At the heart of the shift, the company says, is the fusion of AI with Amazon’s vast trove of shopping, browsing and streaming signals, allowing advertisers to move beyond blunt reach metrics to campaigns designed around real customer behaviour.
“The future of advertising is not about reaching more people, but the right people with messages that resonate,” said Amazon Ads India head and vice president Girish Prabhu. “By combining AI with deep customer insights, we help brands move from broadcasting campaigns to having meaningful conversations wherever audiences spend their time.”
One of the biggest changes, according to Amazon Ads, will be the collapse of the wall between media planning and creative development. Retail media, powered by first-party data, is increasingly shaping everything from brand discovery to final purchase, pushing marketers to design campaigns around audience insight rather than internal instinct.
AI is also moving from a support tool to a creative engine. Agentic AI, which automates and accelerates production, is expected to make high-quality creative accessible even to small businesses, compressing weeks of work into hours and giving challengers the ability to compete with larger brands on speed and scale.

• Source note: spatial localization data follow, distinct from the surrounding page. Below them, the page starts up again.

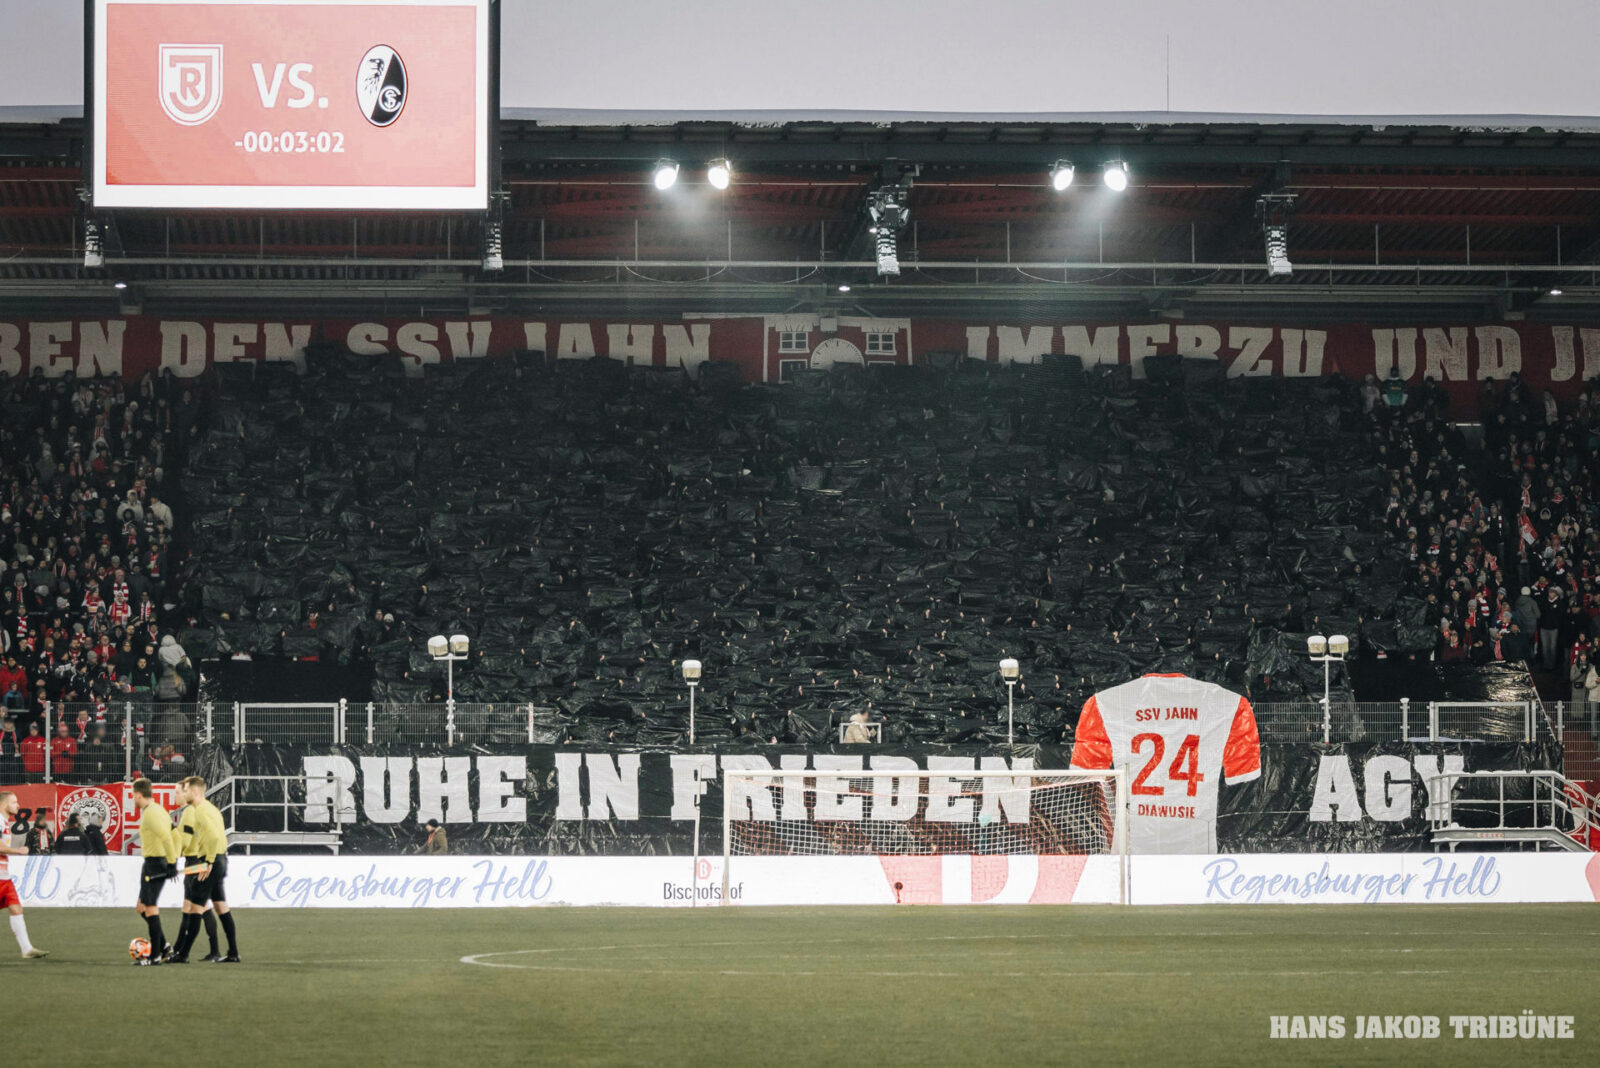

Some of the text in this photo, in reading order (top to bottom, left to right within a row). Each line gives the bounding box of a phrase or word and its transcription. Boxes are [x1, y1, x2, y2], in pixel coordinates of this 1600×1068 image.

[252, 63, 329, 108] VS.
[234, 131, 345, 153] -00:03:02
[159, 320, 312, 378] DEN
[346, 321, 492, 378] SSV
[1372, 326, 1522, 382] UND
[1136, 707, 1198, 722] SSV JAHN
[304, 753, 1464, 824] RUHE IN FRIEDEN AGY
[1131, 732, 1205, 797] 24
[1138, 804, 1196, 819] DIAWUSIE
[248, 859, 552, 907] Regensburger Hell
[1202, 855, 1500, 903] Regensburger Hell

Behind the scenes, AI-driven analytics will take on a bigger role in campaign optimisation, identifying patterns, spotting opportunities and recommending actions that would previously have required teams of analysts.
Streaming TV is another big battleground. With India’s video streaming audience now above 600 million and connected TV users at 129.2 million in 2025, advertisers are set to treat streaming not just as a branding channel but as a performance engine, measured increasingly by sales, sign-ups and bookings rather than just reach.
Finally, Amazon Ads sees creators and contextual advertising reshaping how brands tell stories. Creators will act less like influencers and more like long-term partners, while scene-aware ads on streaming platforms will allow brands to insert hyper-relevant offers into the flow of what viewers are watching.
Taken together, Amazon Ads argues, these shifts mark a move towards advertising that is both more human and more measurable, where AI handles the complexity, and creativity does the persuading.